I contend that the occurrence rate of false positives is so low that the
UTF-8 file signature works well as a file format discriminator. In the case
where a file beginning with these characters is not actually UTF-8, the
application will attempt to convert it to UCS-2. It's nearly certain that a
file that is not UTF-8 will fail to convert, and then the application falls
back to the default system codepage instead. By general sheer luck, this is
usually the correct one, and the data is correctly loaded.

> Therefore, if you hard code such a very limited scope of
> heuristics in your application without any override mechanism, your
> applications are not going to be able to support many other
> codesets.
> (You have to put codeset selection mechanism somehow and one way or
> another anyway.)

Actually, in my application we don't have a codeset user-selection mechanism
for opening files. We may well add it for the next version. The problem with
it is that users must be aware of the mechanism and the need to use it. The
average user of our product doesn't know what a codepage is -- they just
want files to open and display correctly. Using a file signature lessens
the need for such a mechanism.

> - Also, unless you know somehow this misterious file is any
> one kind of
> Unicode files, it wouldn't make much sense to have such additional
> heuristics in your application. (Q: How many times you will
> not know whether
> this Unicode file is UTF-16 or UTF-8 or UCS-4??
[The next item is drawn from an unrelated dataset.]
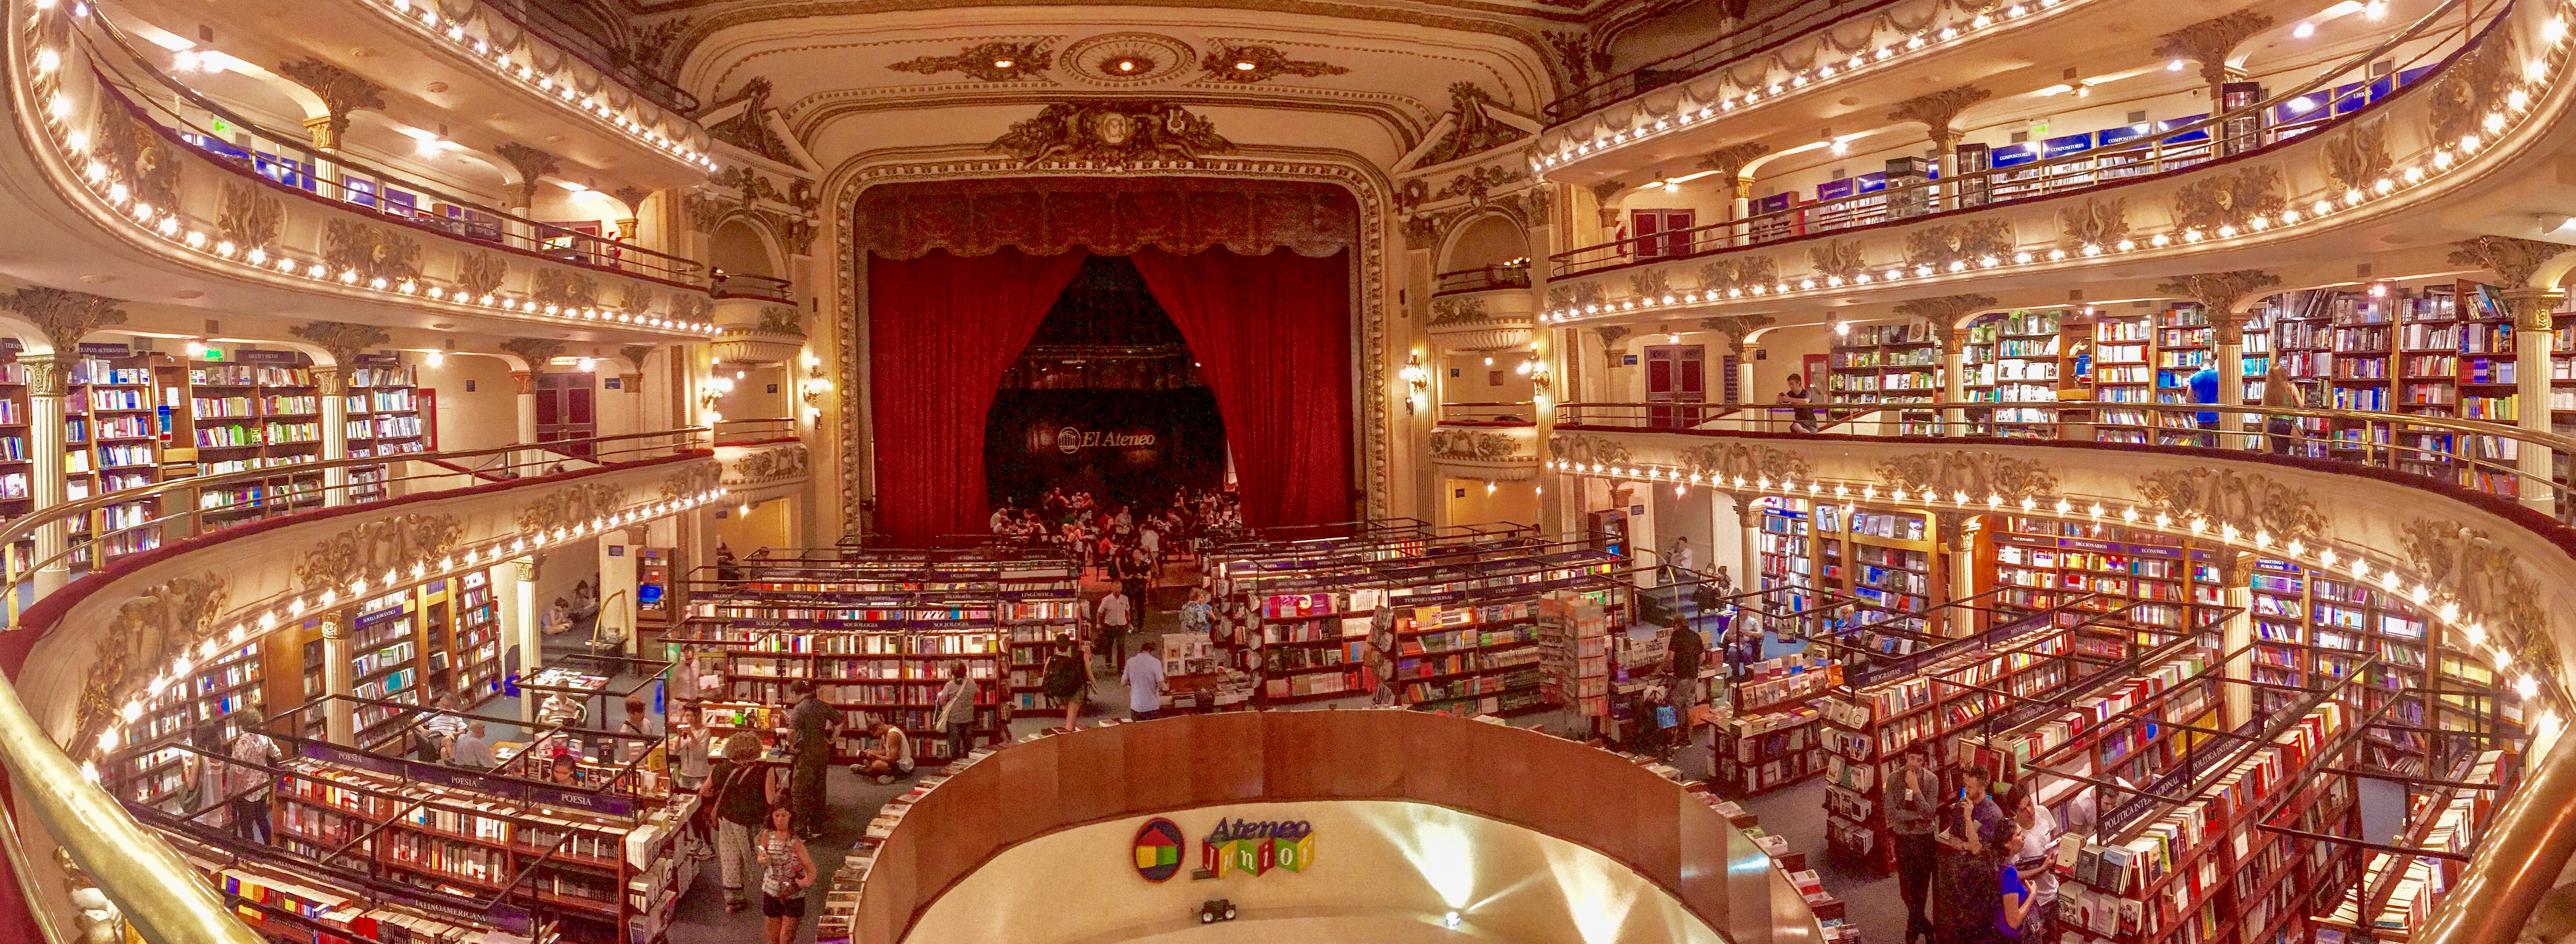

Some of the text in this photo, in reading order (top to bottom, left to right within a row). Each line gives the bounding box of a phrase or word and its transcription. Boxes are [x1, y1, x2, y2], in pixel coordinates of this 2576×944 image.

Except for UTF-8, these types of plain-text files are nearly perfectly
discriminated by the general use of the appropriate signature. As a user I
don't know or care what the format is because my application reads them
correctly.

The BOM file signature UTF-16 files is well established (the XML standard
gives it normative status for XML streams), and many applications
successfully require it. After all, the UTF-16 BOM is also a perfectly legal
sequence of characters in many codesets, and I've never seen anyone argue
about it's use as a discriminator for UTF-16 files.

> Isn't it more easier, if possible, just ask to the sender what is it
really?

A user can do this in the context of email, if both sender and receiver know
what an encoding is. It shouldn't be necessary. In email you have
well-defined external mechanisms to specify the encoding, so a file
signature or communication between the users is unnecessary

We're really talking about plain-text files here, which generally exist
outside of a context where there is a well-defined protocol to specify the
encoding. For plain-text files, a file signature convention is useful.

> Or just try to open it three times with each one of them?)

Most of my customers would find that unacceptable.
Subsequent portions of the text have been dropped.